## [PROBLEM REQUIREMENTS]
Since pictures are not wanted in the copy, output only the rest of each record exactly.

^^^^^^^^

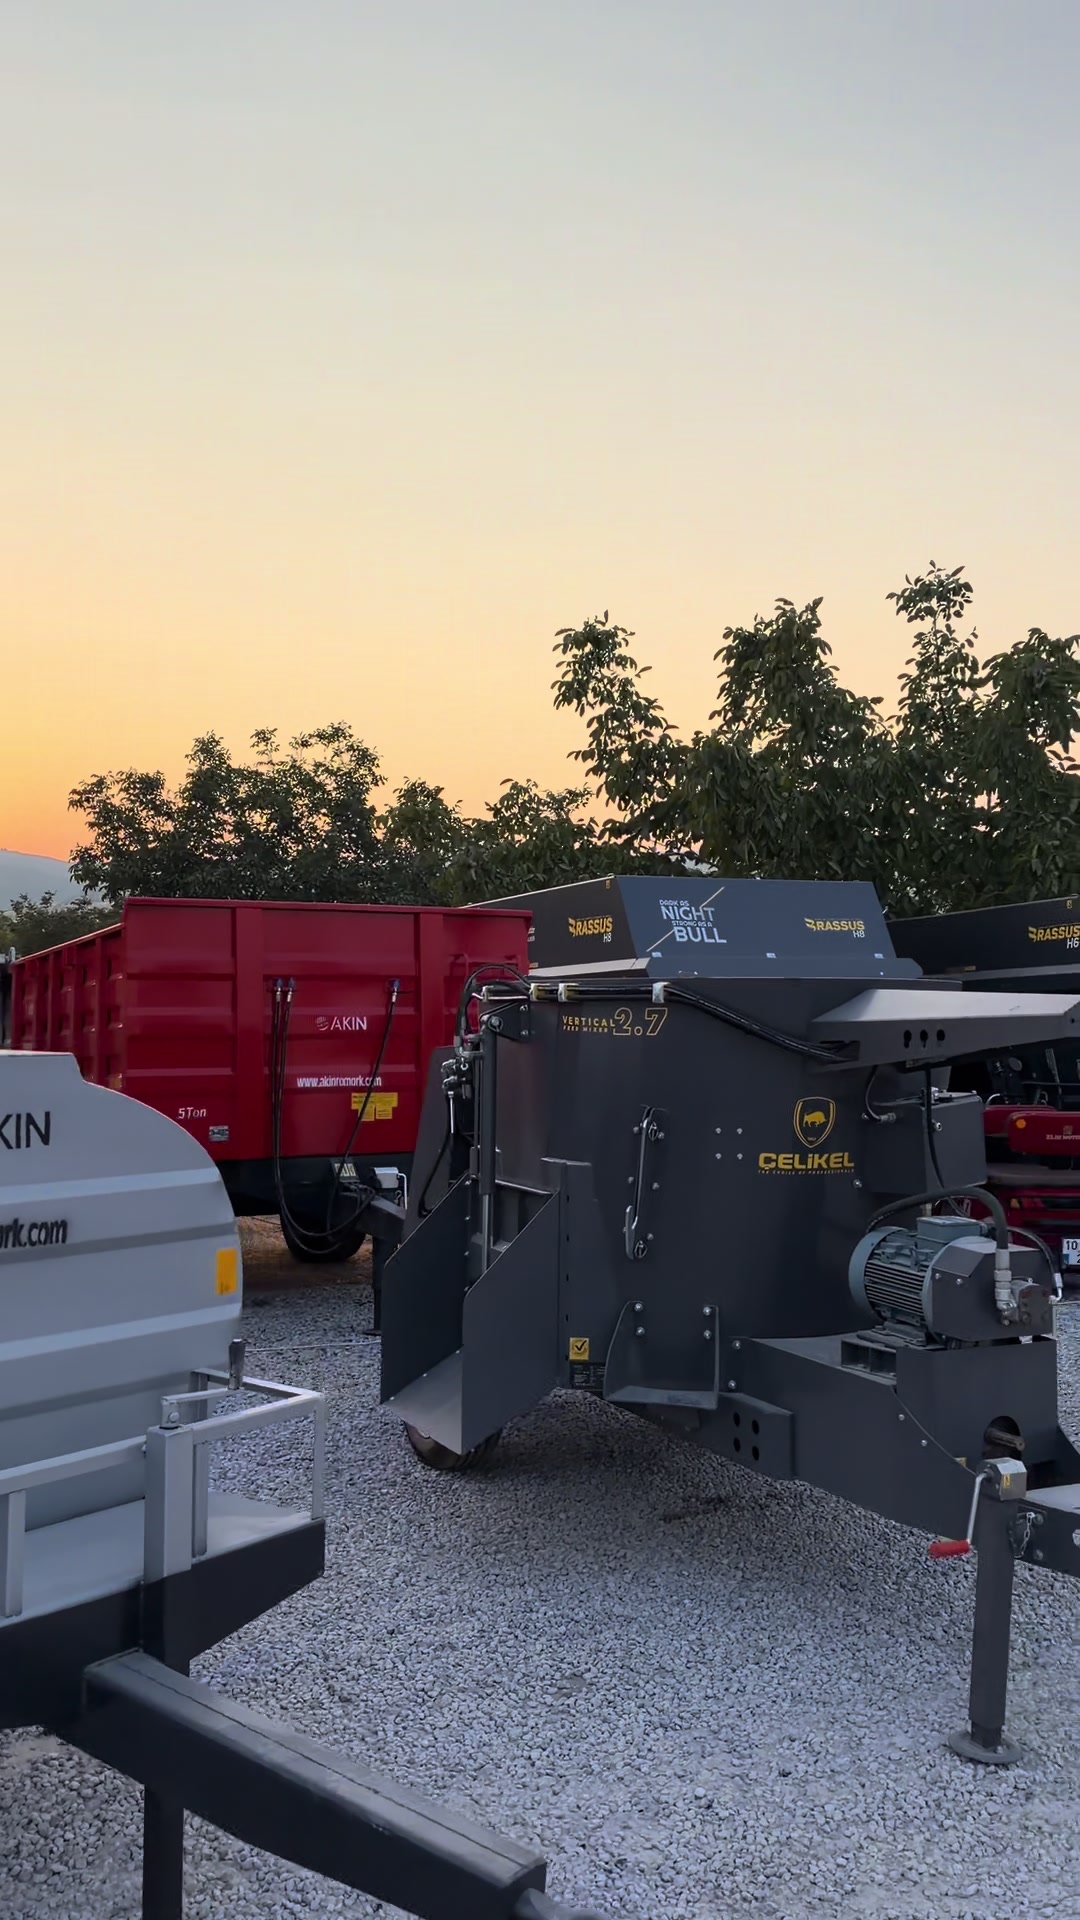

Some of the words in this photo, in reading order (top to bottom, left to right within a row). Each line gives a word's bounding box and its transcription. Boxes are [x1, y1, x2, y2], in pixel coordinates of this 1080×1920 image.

[660, 905, 715, 921] NIGHT
[603, 932, 612, 943] H8
[673, 926, 728, 944] BULL
[852, 930, 866, 938] H8
[1066, 937, 1080, 949] H6
[330, 1016, 367, 1031] AKIN
[562, 1015, 616, 1027] VERTICAL
[613, 1007, 669, 1036] 2.7
[1065, 1240, 1078, 1251] 10

^^^^^^^^

## [WRITTEN ANSWER]
Some of the words in this photo, in reading order (top to bottom, left to right within a row). Each line gives a word's bounding box and its transcription. Boxes are [x1, y1, x2, y2], in pixel coordinates of this 1080×1920 image.

[660, 905, 715, 921] NIGHT
[603, 932, 612, 943] H8
[673, 926, 728, 944] BULL
[852, 930, 866, 938] H8
[1066, 937, 1080, 949] H6
[330, 1016, 367, 1031] AKIN
[562, 1015, 616, 1027] VERTICAL
[613, 1007, 669, 1036] 2.7
[1065, 1240, 1078, 1251] 10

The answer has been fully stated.